The material presented
here is not Al-Anon Conference Approved Literature. It is a method
to exchange
information, ideas, feelings, problems and solutions on a personal
level.
This weekend has been one of the hardest in a long time. As some of you may know by reading my post from yesterday that my ex-AH is suffering from hallucinations again. This time he thinks that I had sex with one of his brothers the night of our eldest son's wedding. The ex lives on the same property as this particular brother, so it's been a dangerous situation.
The ex's guns have all been taken away after he shot up the ceiling in the living room and put a few bullets through the front door of his small country home. Fortunately, no one was injured.
Our youngest son, who is a RN and happens to work at a mental health hospital, is looking into getting him into either a rehab facility or the hospital that he works for. I'm waiting for a call anytime to see if he has succeeded. My ex is a danger to others and himself. (I HATE this disease.) I'm not involved because he is very angry with me for doing something that I did not do.
Yesterday, I allowed my thoughts to take over and I was pretty wiped out physically, emotionally and mentally. However, today I grabbed the Al-Anon books Courage to Change and One Day at a Time in Al-Anon and read until I could get a grip on reality. How to handle just about any situation is found in these 2 books.
Through reading these books, I have a deeper understanding and greater acceptance of the harsh facts of alcoholism:
1. I am powerless over alcohol.
2. I cannot control the alcoholic
3. Guilt is futile; it prevents me from being my best today
4. I have to focus on myself (I feel less selfish doing so than ever before)
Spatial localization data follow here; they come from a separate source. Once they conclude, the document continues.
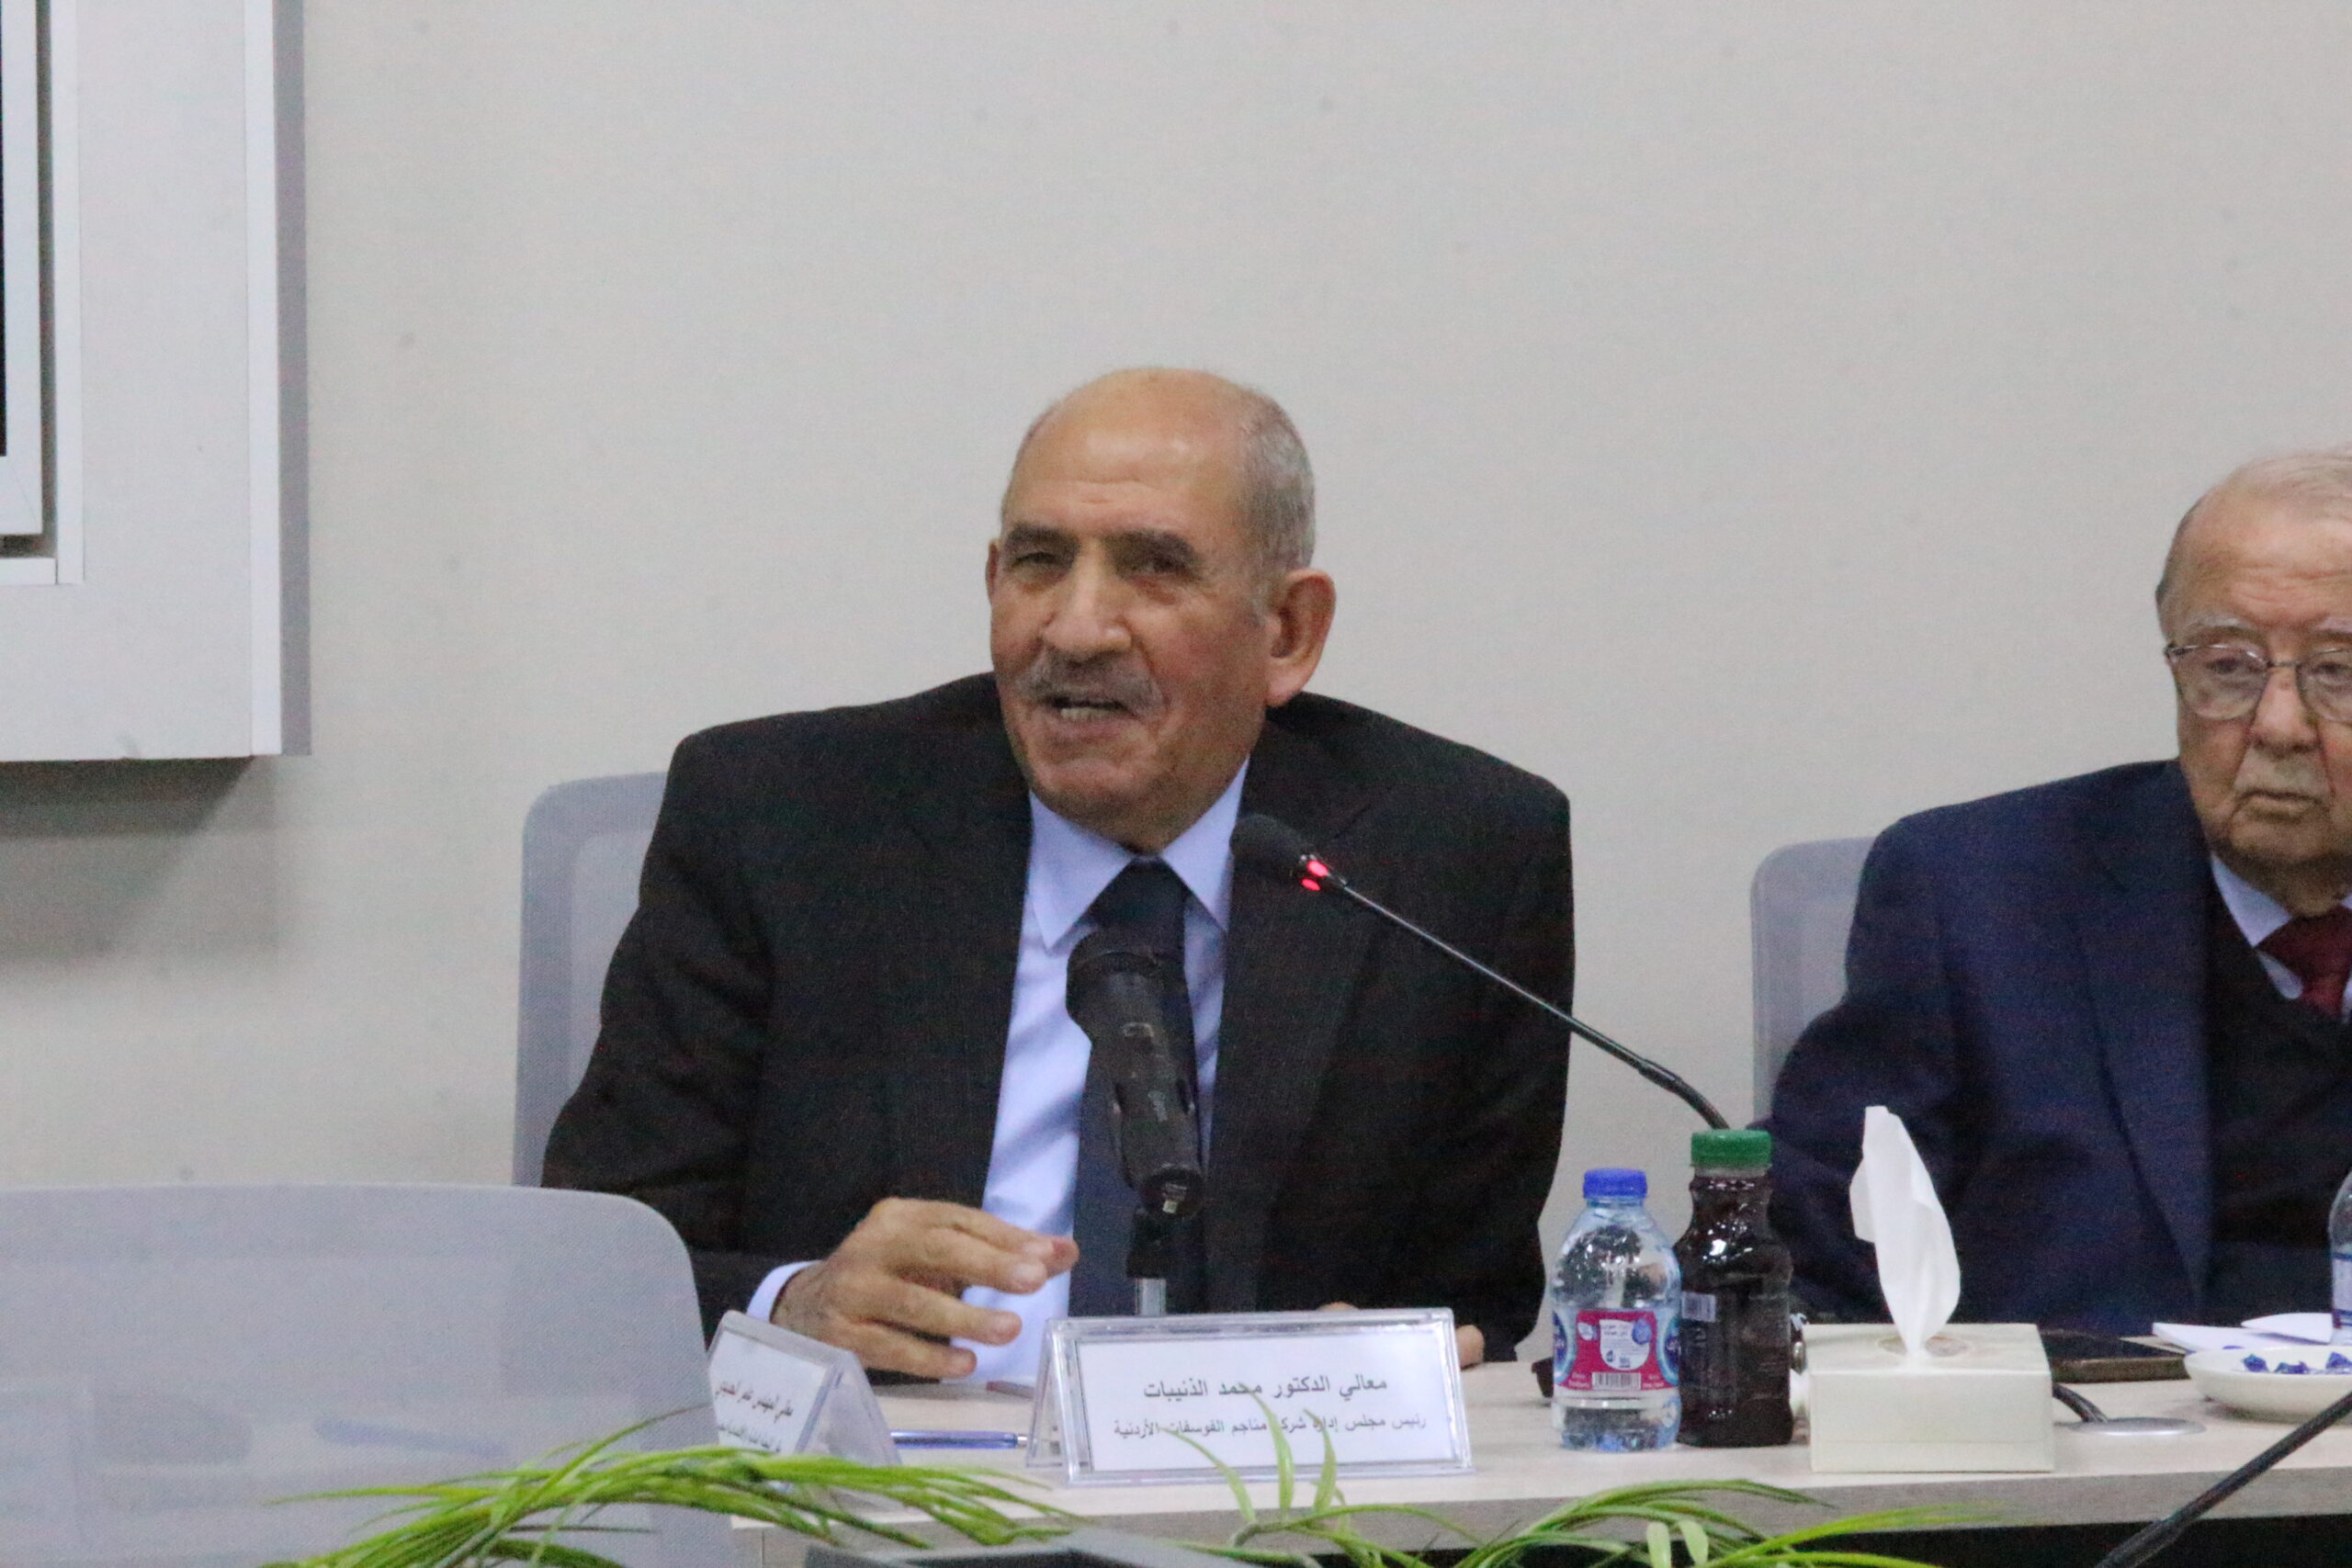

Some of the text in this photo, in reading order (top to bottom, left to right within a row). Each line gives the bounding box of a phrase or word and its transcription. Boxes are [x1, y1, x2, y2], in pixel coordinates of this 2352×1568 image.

[1143, 1374, 1387, 1402] معالي الدكتور محمد الذنيبات
[1114, 1418, 1159, 1438] الأردنية
[1231, 1417, 1268, 1435] مناجم
[1279, 1416, 1306, 1433] شرك
[1345, 1415, 1385, 1431] مجلس
[1391, 1414, 1427, 1431] رئيس
5. I can only change me - (how I view things and how I behave)
6. I deserve happiness even if my ex is going through hell (all self-created)
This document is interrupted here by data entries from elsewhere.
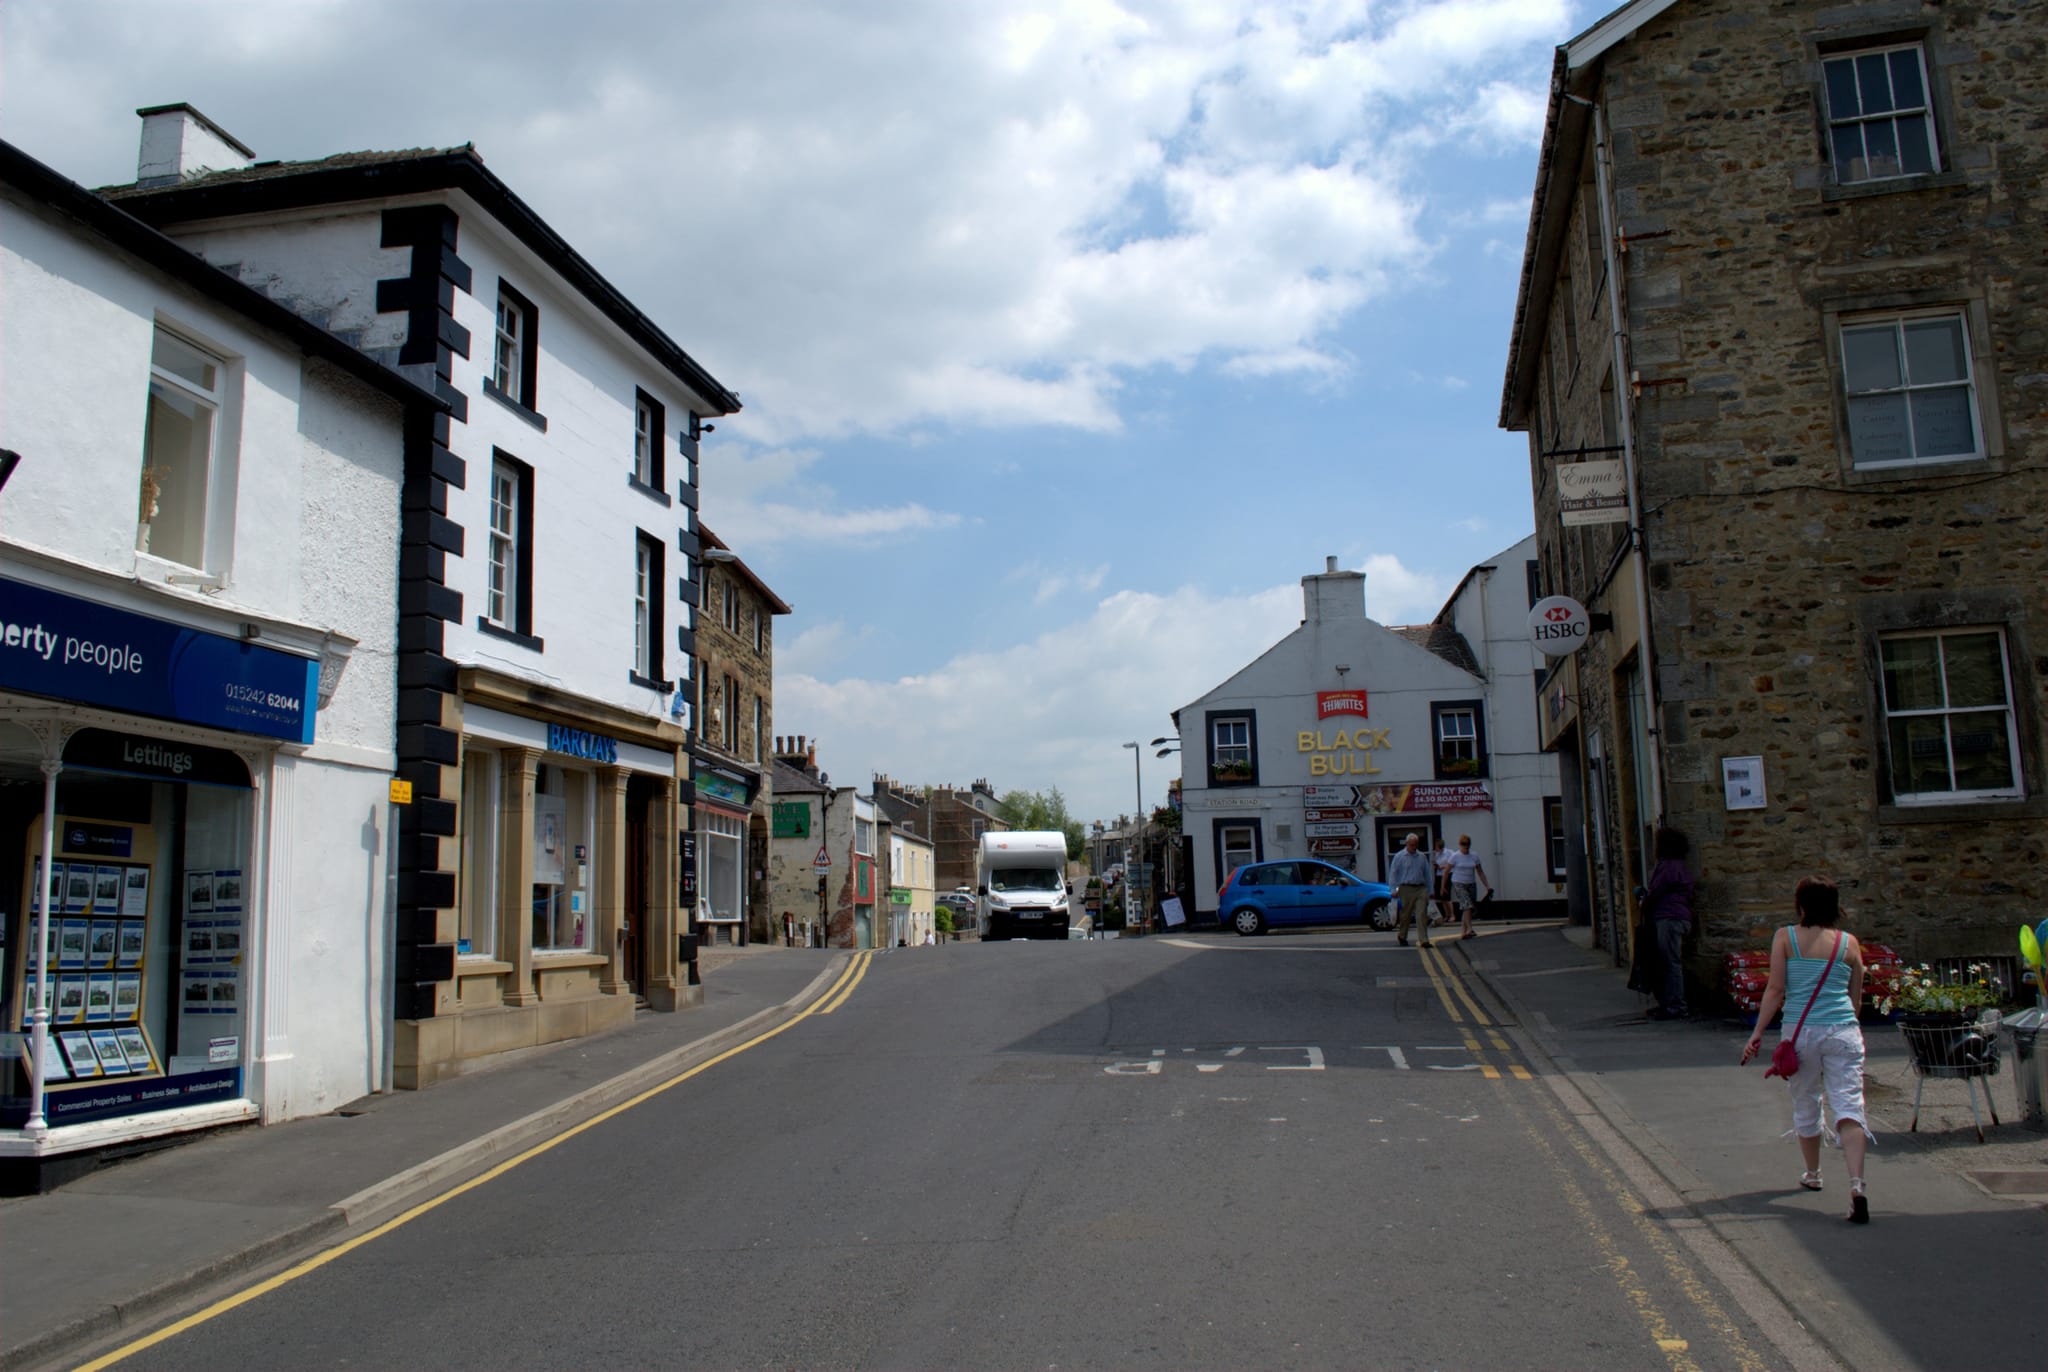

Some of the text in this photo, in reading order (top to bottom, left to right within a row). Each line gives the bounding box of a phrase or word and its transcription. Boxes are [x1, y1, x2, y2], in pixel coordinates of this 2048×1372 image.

[1559, 463, 1623, 487] Emma's
[1563, 497, 1625, 510] Hair & Beauty
[1534, 621, 1586, 640] HSBC
[0, 620, 143, 675] erty people
[225, 683, 300, 712] 015242 62044
[1321, 699, 1364, 712] THWAITES
[549, 722, 617, 763] BARCLAYS
[1297, 727, 1393, 752] BLACK
[123, 740, 193, 774] Lettings
[1310, 751, 1382, 776] BULL
[1414, 786, 1455, 796] SUNDAY
[1436, 794, 1462, 802] ROAST
[57, 1093, 132, 1112] Commercial Property Sales
[141, 1087, 180, 1100] Business Sales
These are just a few truths that I have revisited over the past two days. I'm in a situation where "let go and let God" is absolutely necessary for my sanity.
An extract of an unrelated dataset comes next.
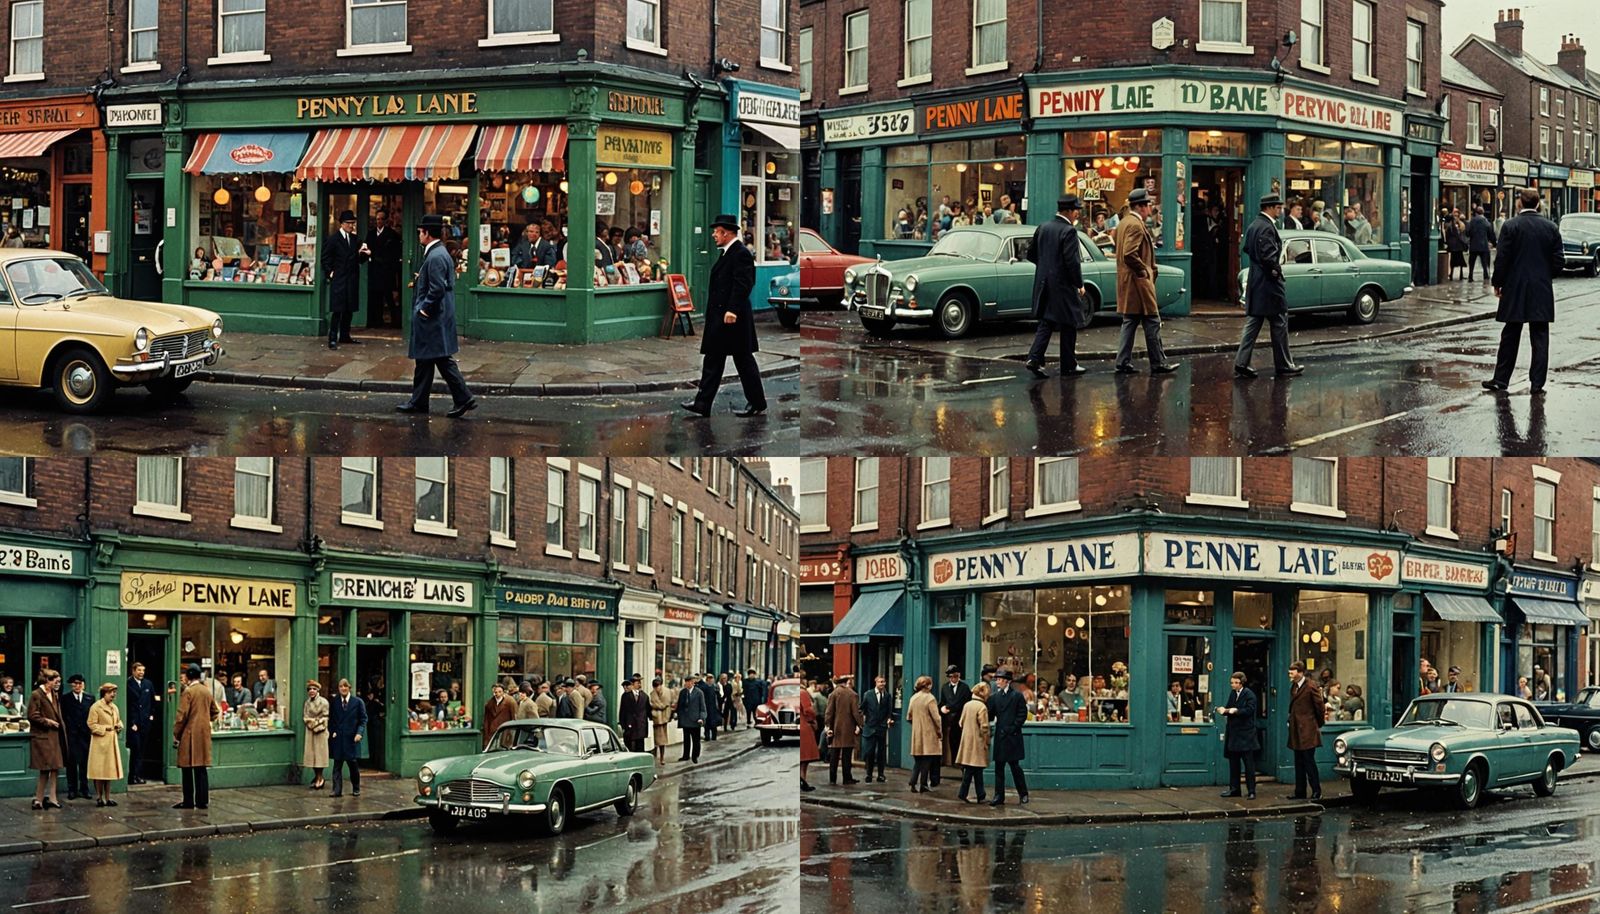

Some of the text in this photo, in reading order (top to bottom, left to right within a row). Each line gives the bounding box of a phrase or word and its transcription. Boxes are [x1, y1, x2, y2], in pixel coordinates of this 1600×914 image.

To all who responded to my post requesting prayers: THANK YOU for your support!
Addendum: just got the call from our son. He is taking his dad to rehab right now. Since he is not violent, our son doesn't think the mental hospital is appropriate placement at this time.
-- Edited by GailMichelle on Monday 30th of May 2011 07:16:51 PM
-- Edited by GailMichelle on Monday 30th of May 2011 07:27:51 PM
-- Edited by GailMichelle on Monday 30th of May 2011 07:34:43 PM
__________________
You have to go through the darkness to truly know the light. Lama Surya Das
Resentment is like taking poison & waiting for the other person to die. Malachy McCourt
Thanks for the update. You did a fantatic job in taking care of you.
I agree, the solution to living with this deadly disease can be found by reading the Courage to Chande and the ODAT. Any time I felt lost and frightened I usedd these powerful tools and reached a place of serenity.
So glad that you took care of yourself and that hubby is on the way to rehab as we speak. Letting Go and letting God is difficult but it works!!